Version control is a system that records changes to files over time, allowing you to recall specific versions later. Without version control, we often end up with multiple file versions scattered everywhere, leading to confusion and lost work. Version control systems like Git solve this by automatically tracking every change, enabling safe collaboration, and maintaining a complete project history.
Git is a distributed version control system, meaning every developer has a complete copy of the project history. Key concepts include repositories which are project folders, commits which are snapshots of changes, branches for parallel development, and merges to combine changes. The basic workflow involves initializing a repository, staging changes with git add, committing snapshots, and pushing to remote repositories.
GitHub is a web-based platform built on top of Git that provides hosting for repositories and collaboration tools. Key features include remote repository hosting, pull requests for code review, issues for tracking bugs, and forks for creating independent copies. The typical workflow involves cloning a repository locally, making changes, pushing to GitHub, creating pull requests for review, and merging approved changes.
To get started with Git, you need to master a few essential commands. For repository setup, use git init to create a new repository or git clone to copy an existing one. The daily workflow involves git status to check changes, git add to stage files, git commit to save snapshots, git push to upload, and git pull to download updates. For branching, use git branch to list branches, git checkout to create new ones, and git merge to combine changes.
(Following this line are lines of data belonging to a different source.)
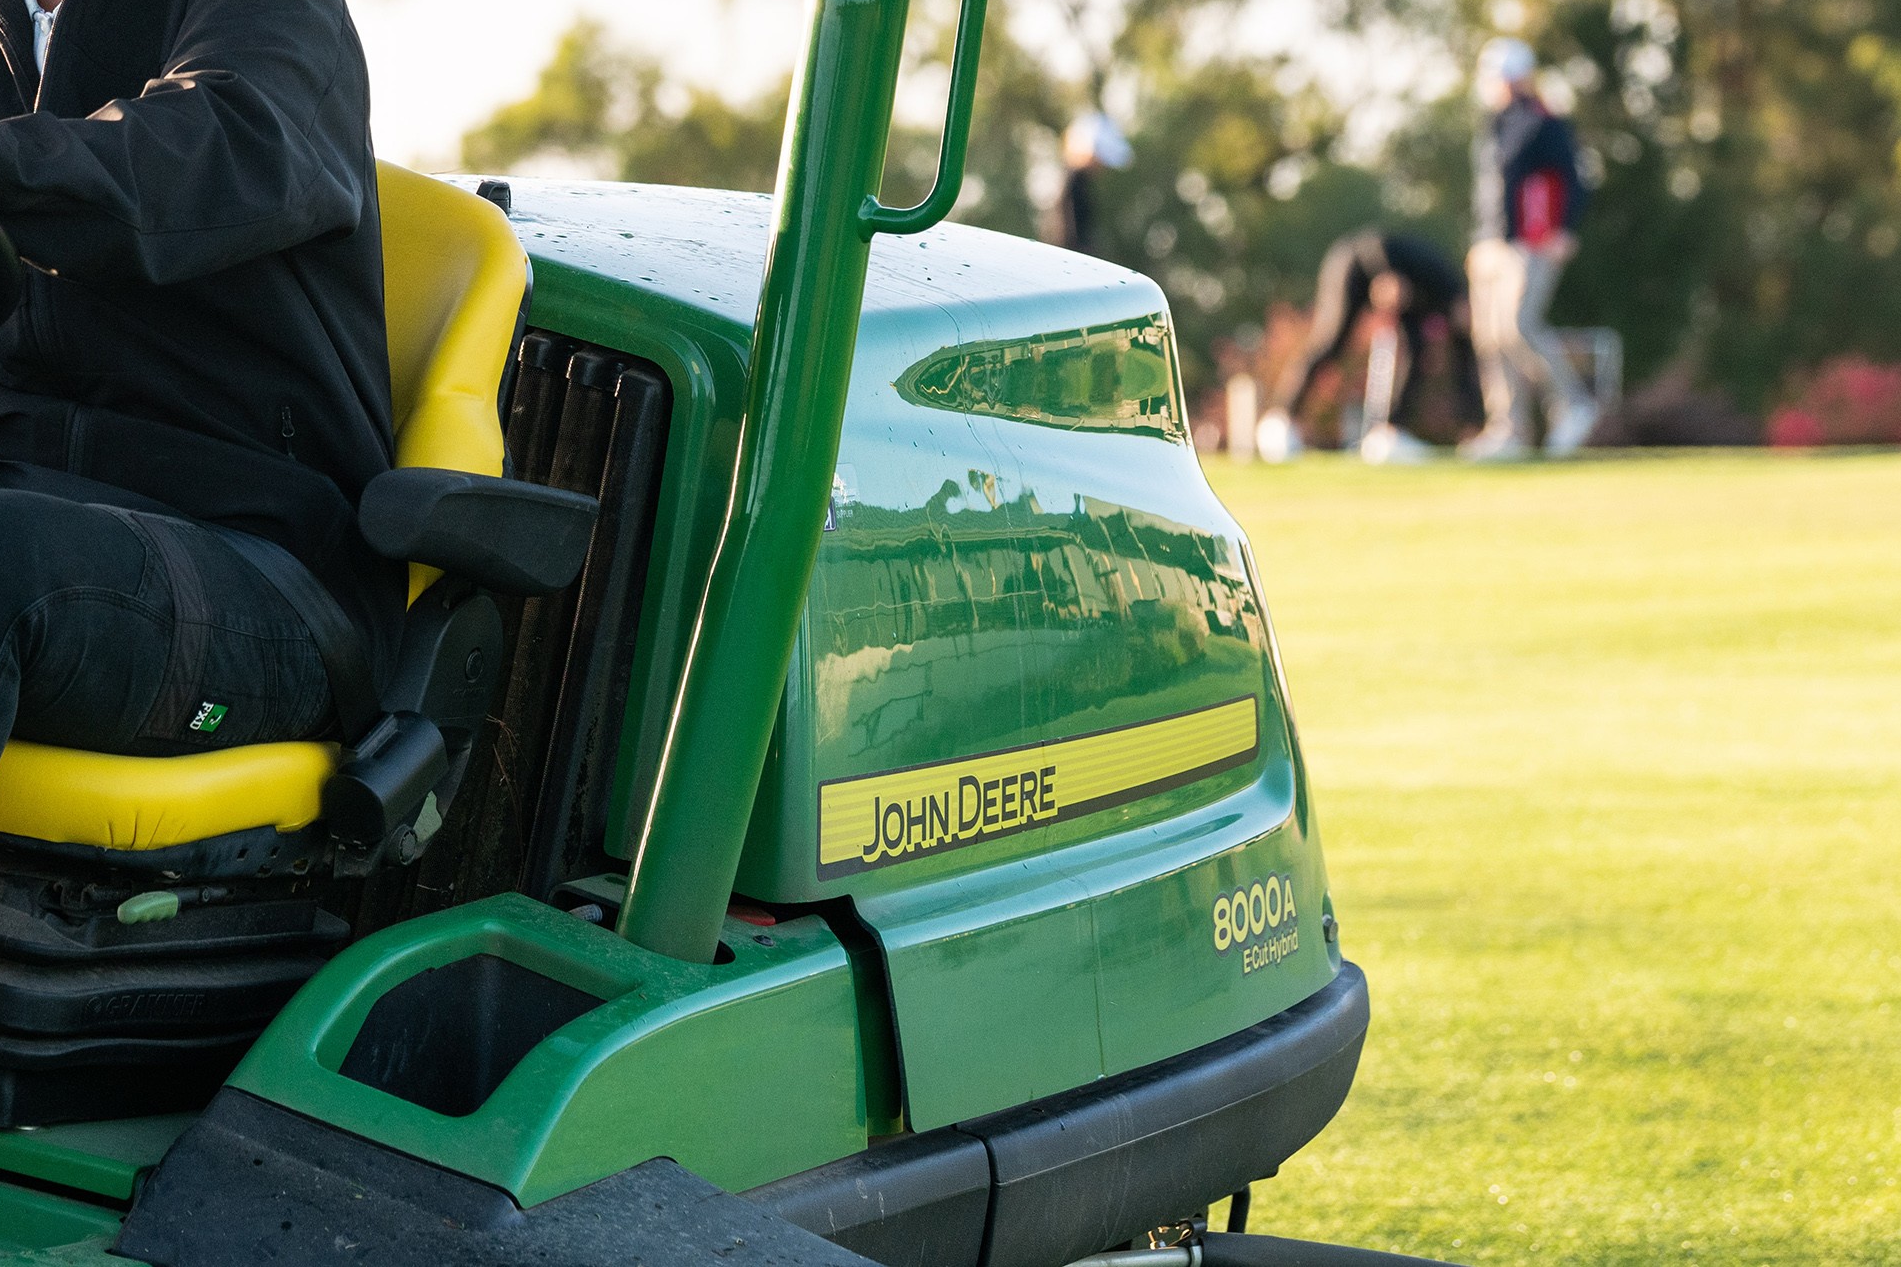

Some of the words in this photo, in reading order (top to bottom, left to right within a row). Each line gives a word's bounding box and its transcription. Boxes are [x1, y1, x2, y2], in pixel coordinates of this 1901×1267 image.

[189, 701, 214, 730] FXD
[863, 790, 950, 857] JOHN
[958, 765, 1057, 829] DEERE
[1269, 926, 1299, 964] Hybrid
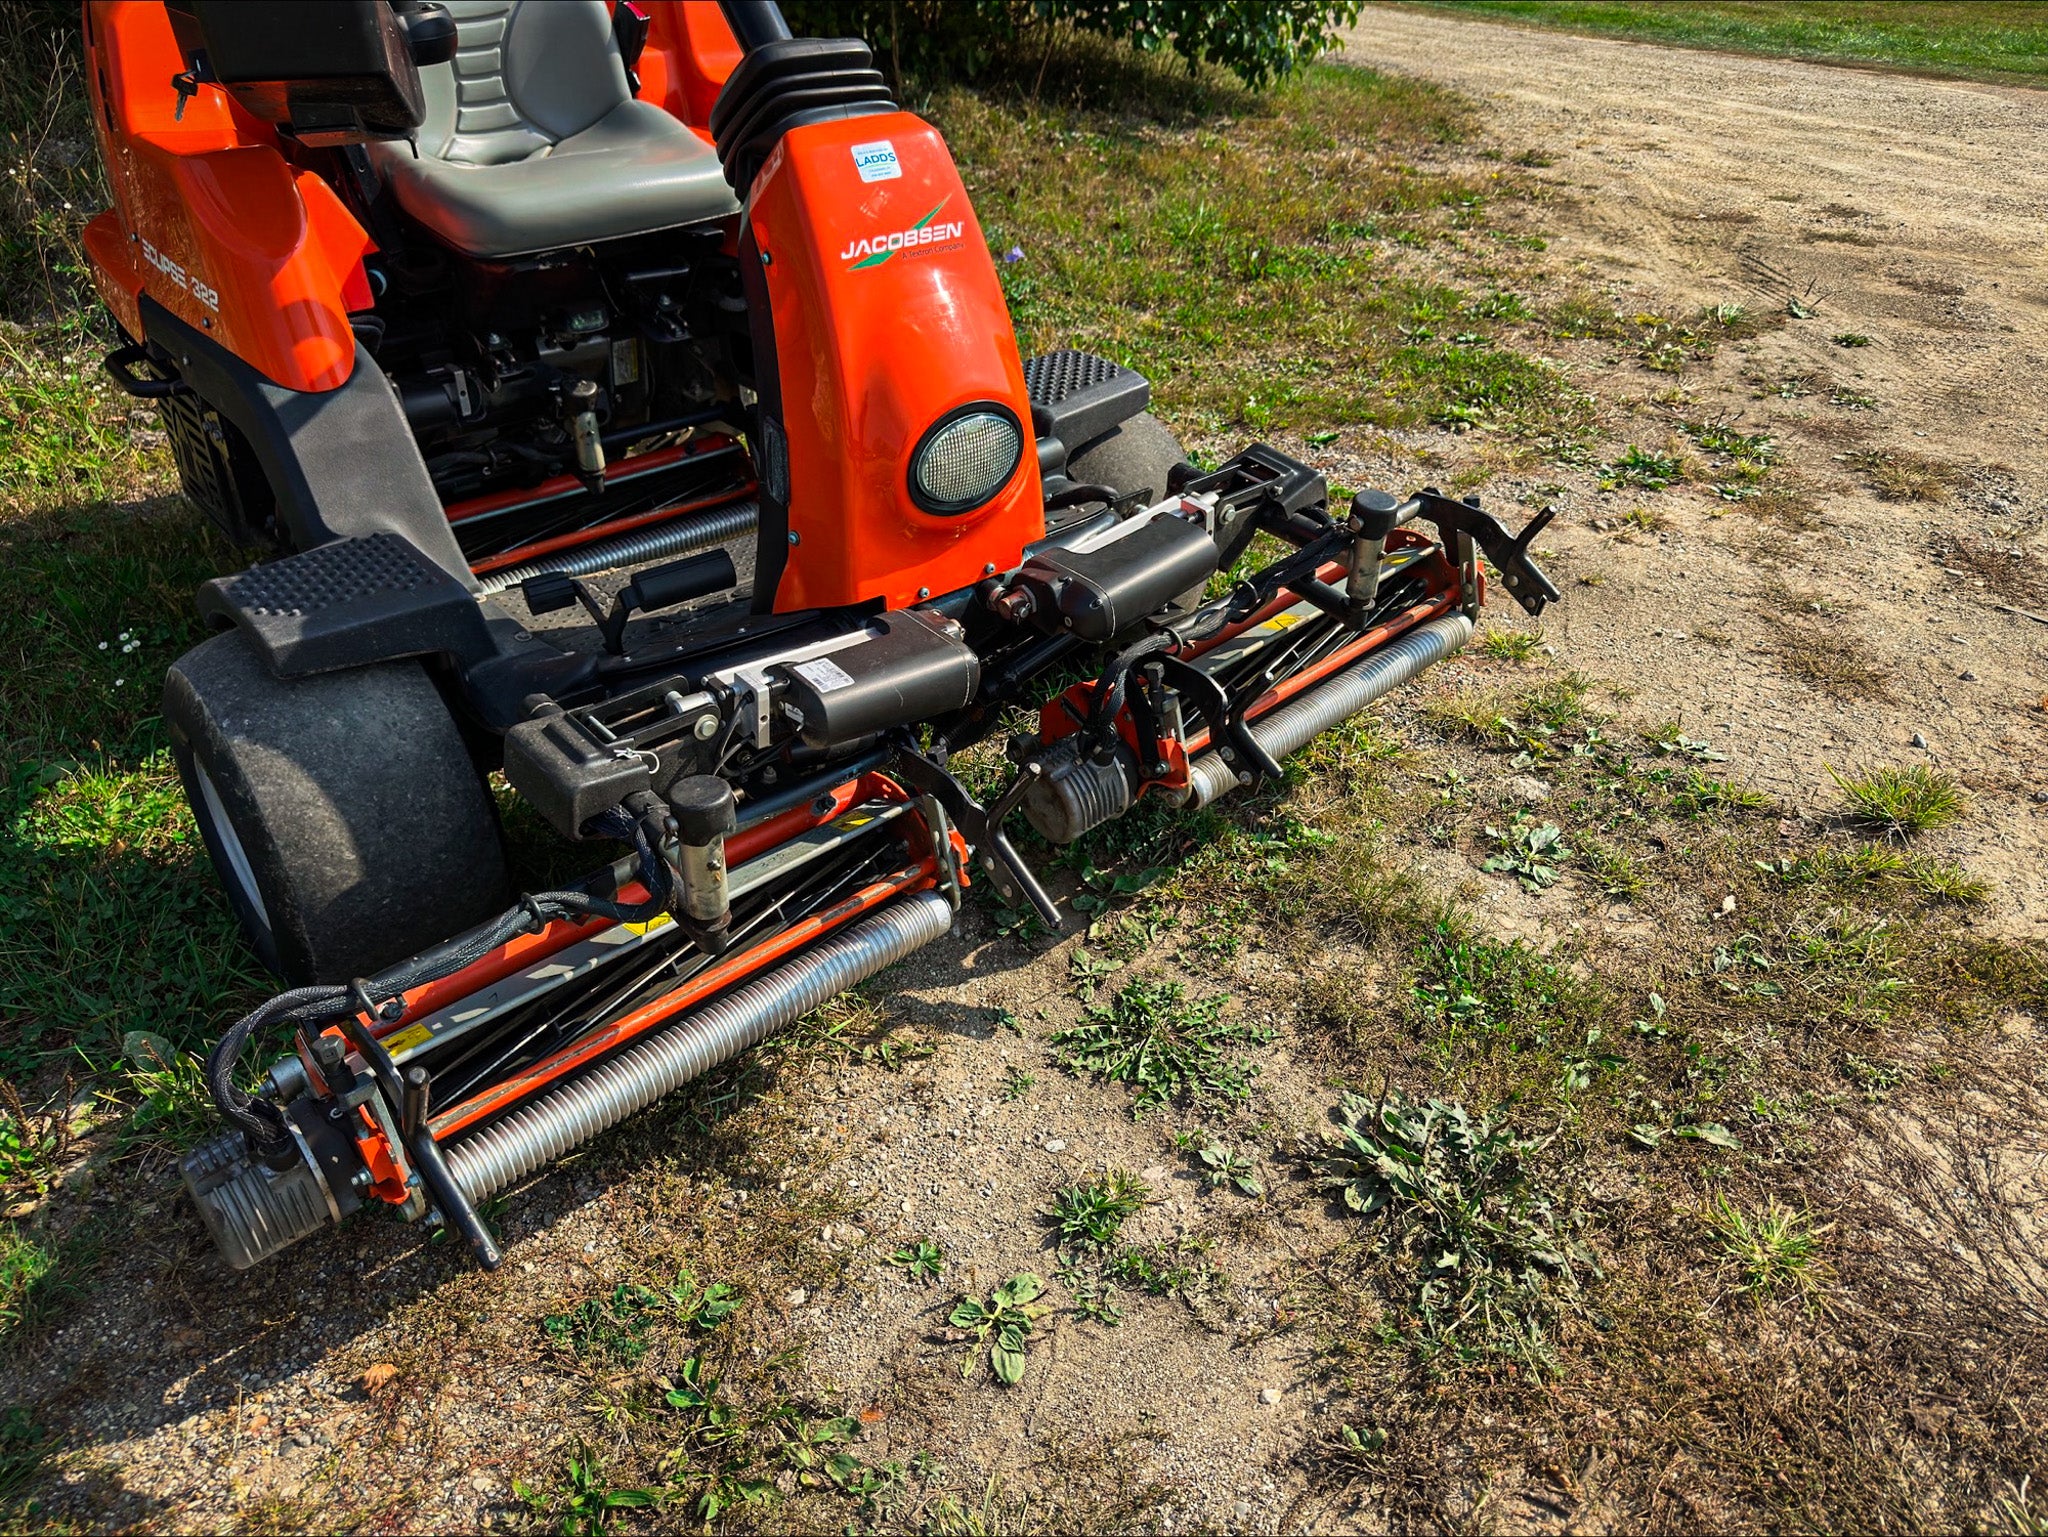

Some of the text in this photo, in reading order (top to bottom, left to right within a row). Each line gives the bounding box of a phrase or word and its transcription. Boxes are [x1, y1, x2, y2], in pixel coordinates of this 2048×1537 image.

[855, 152, 896, 167] LADDS
[841, 221, 963, 260] JACOBSEN
[909, 247, 934, 258] Textron
[934, 242, 964, 254] Company
[191, 276, 219, 313] 322
To summarize what we've learned: Version control systems like Git automatically track changes to files over time. Git is a distributed version control system that maintains complete project history locally. GitHub builds on Git by adding web-based collaboration features like pull requests and issue tracking. Master the basic commands of init, add, commit, push, and pull to get started. Version control is essential for any software development project, enabling safe collaboration and change management.